#### ASSIGNMENT
No pictures should be carried over. Output all other parts of the entries verbatim.

──────── EXCERPTED RECORDS

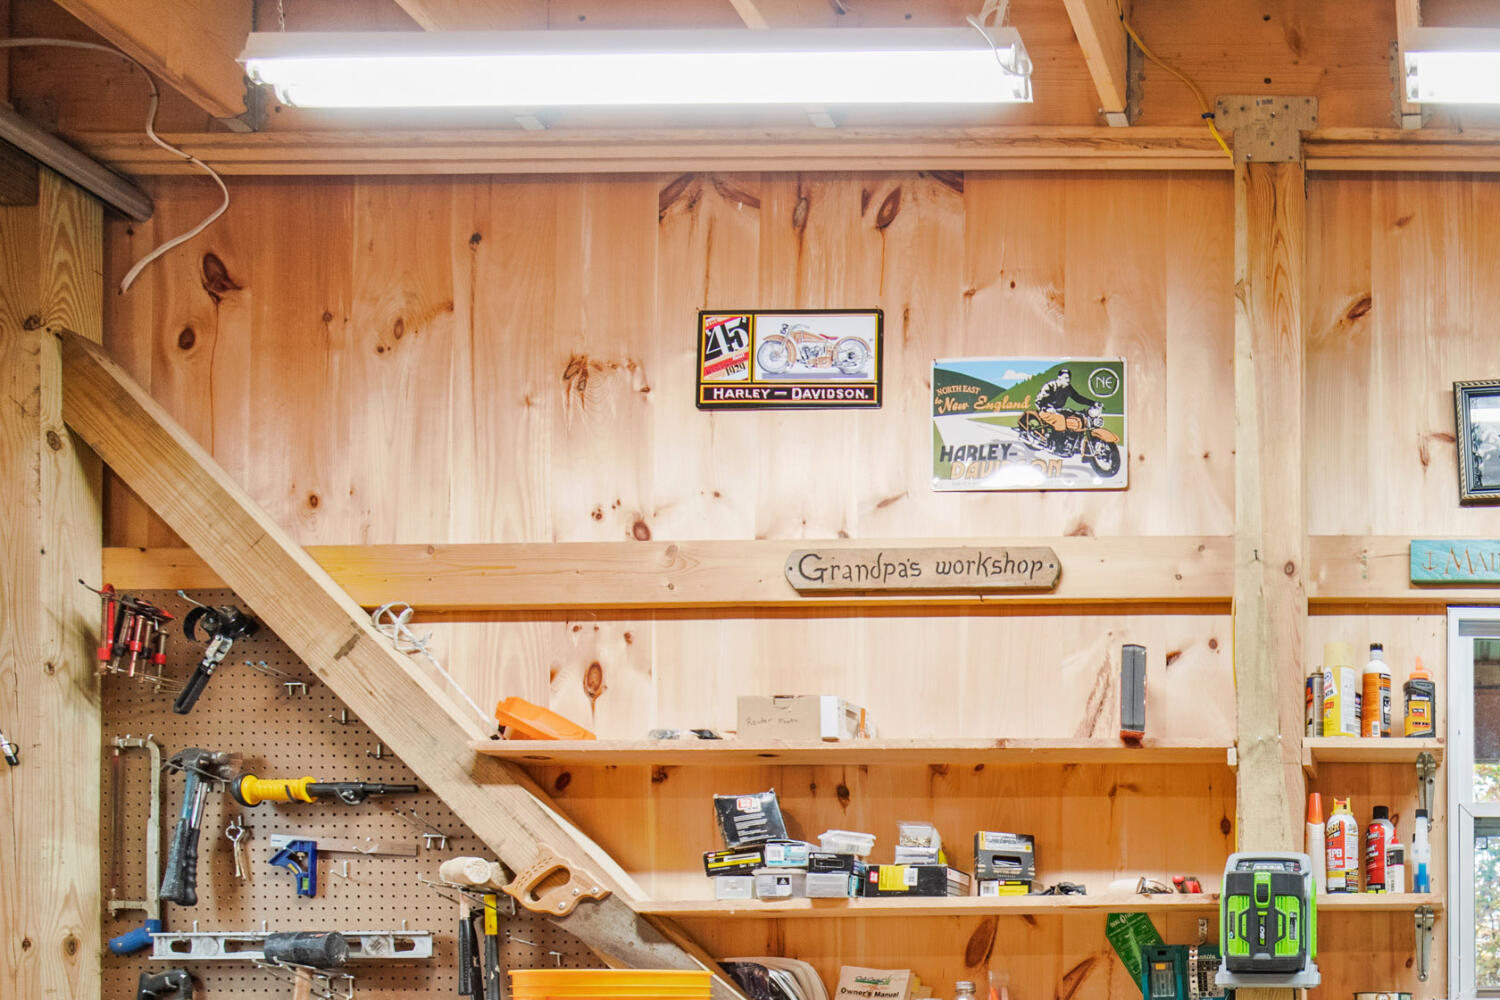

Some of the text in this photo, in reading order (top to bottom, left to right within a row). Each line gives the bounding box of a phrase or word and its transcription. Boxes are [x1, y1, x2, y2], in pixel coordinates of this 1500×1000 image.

[713, 387, 769, 400] HARLEY
[938, 397, 969, 415] New
[973, 394, 1031, 412] England
[797, 551, 1044, 584] Grandpa's workshop
[873, 991, 900, 999] Manual
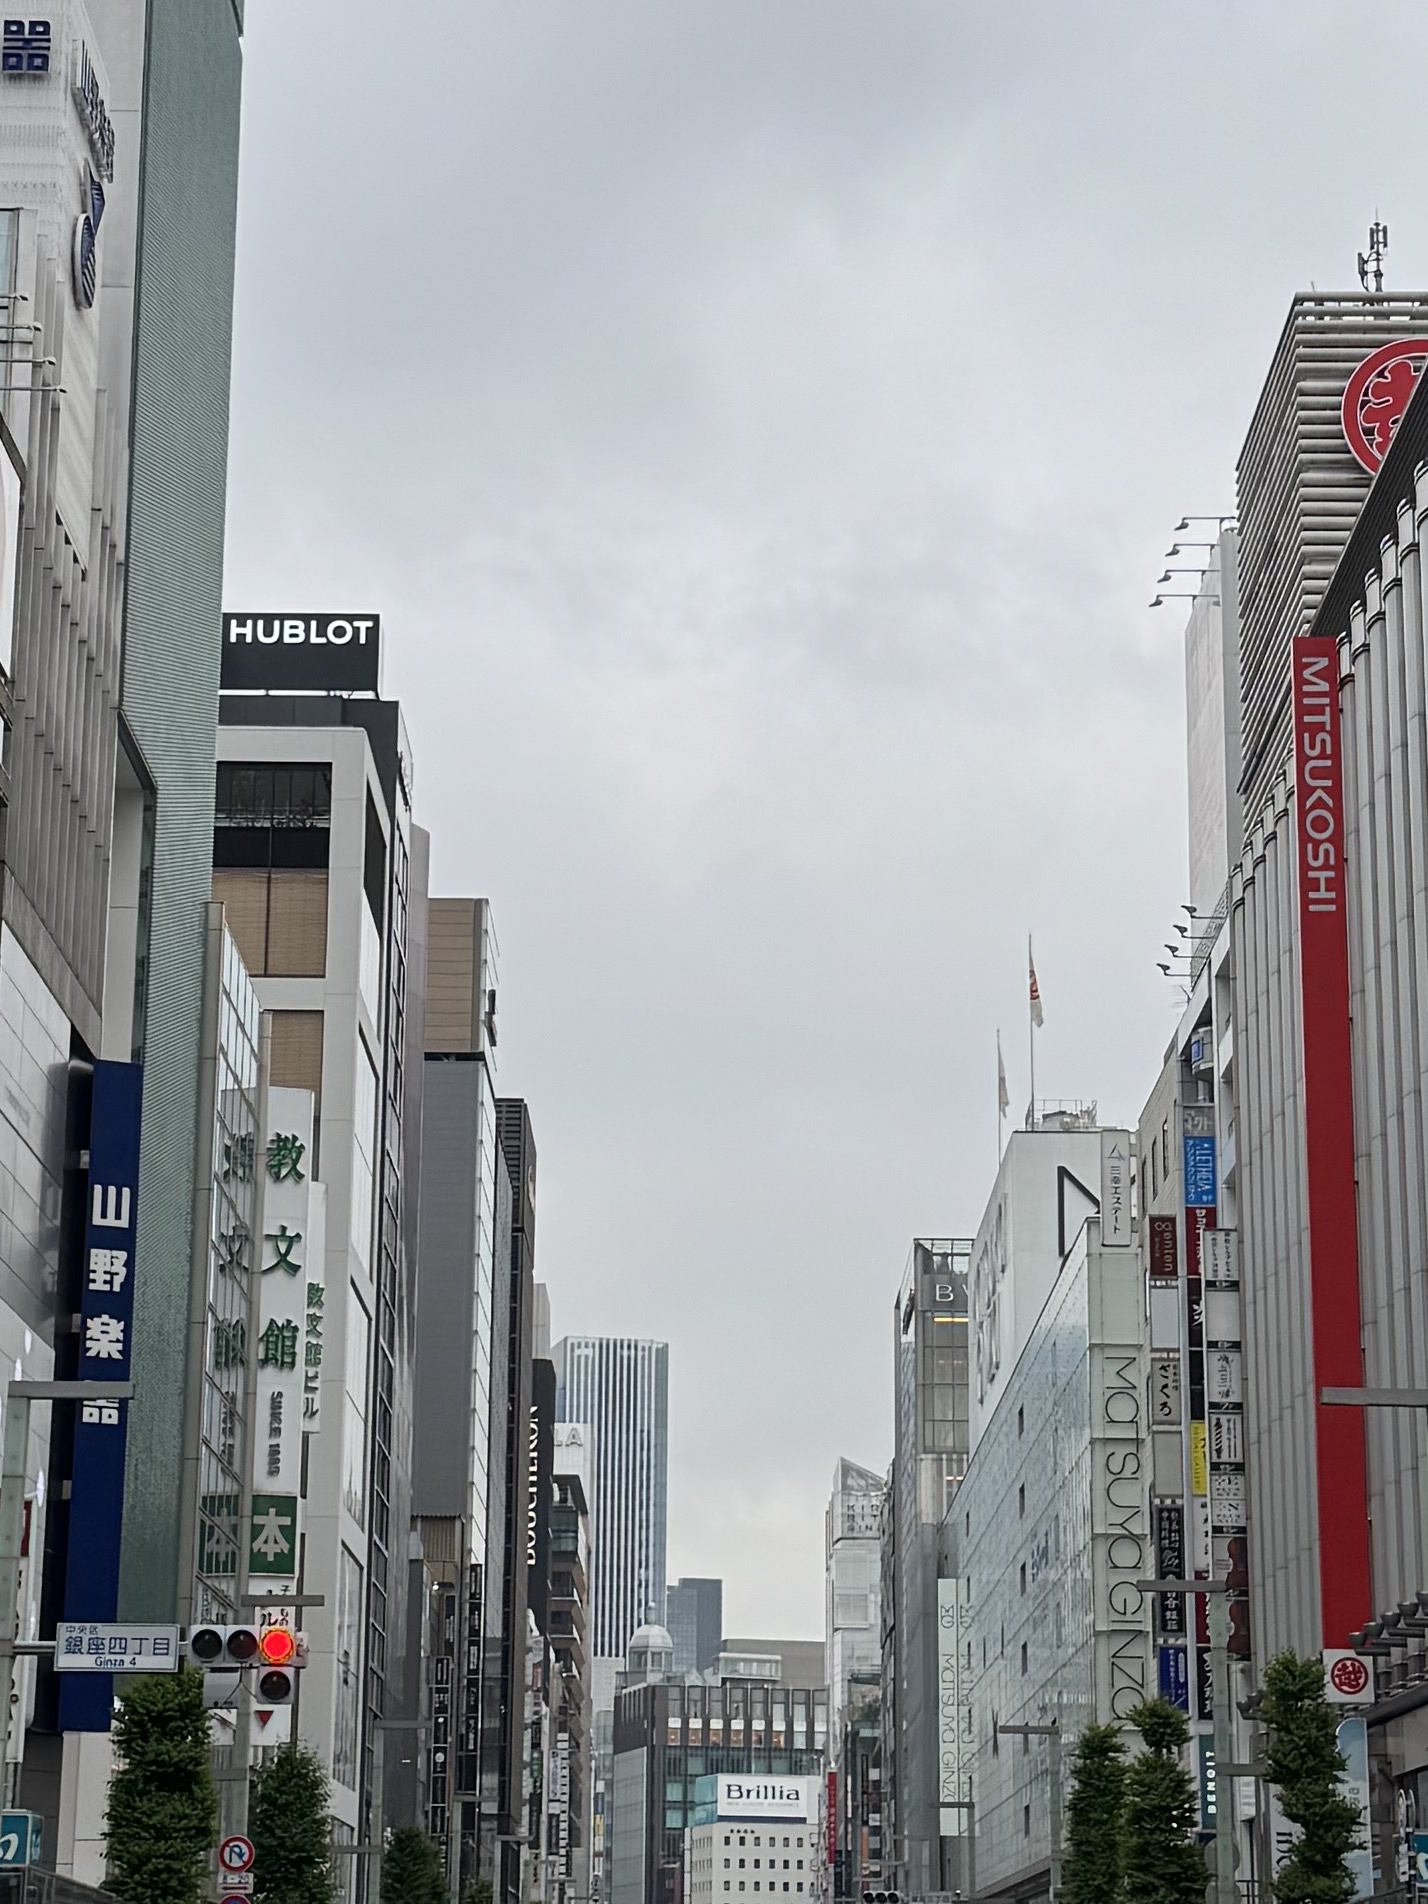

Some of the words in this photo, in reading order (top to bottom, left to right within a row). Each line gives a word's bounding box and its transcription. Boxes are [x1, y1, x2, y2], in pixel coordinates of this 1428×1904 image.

────────────────

#### COMPLETED TASK
Some of the text in this photo, in reading order (top to bottom, left to right within a row). Each line gives the bounding box of a phrase or word and its transcription. Boxes are [x1, y1, x2, y2], in pixel coordinates of this 1500×1000 image.

[713, 387, 769, 400] HARLEY
[938, 397, 969, 415] New
[973, 394, 1031, 412] England
[797, 551, 1044, 584] Grandpa's workshop
[873, 991, 900, 999] Manual

Some of the words in this photo, in reading order (top to bottom, left to right within a row). Each line gives a word's bounding box and its transcription. Boxes are [x1, y1, x2, y2], in pixel coordinates of this 1428×1904 image.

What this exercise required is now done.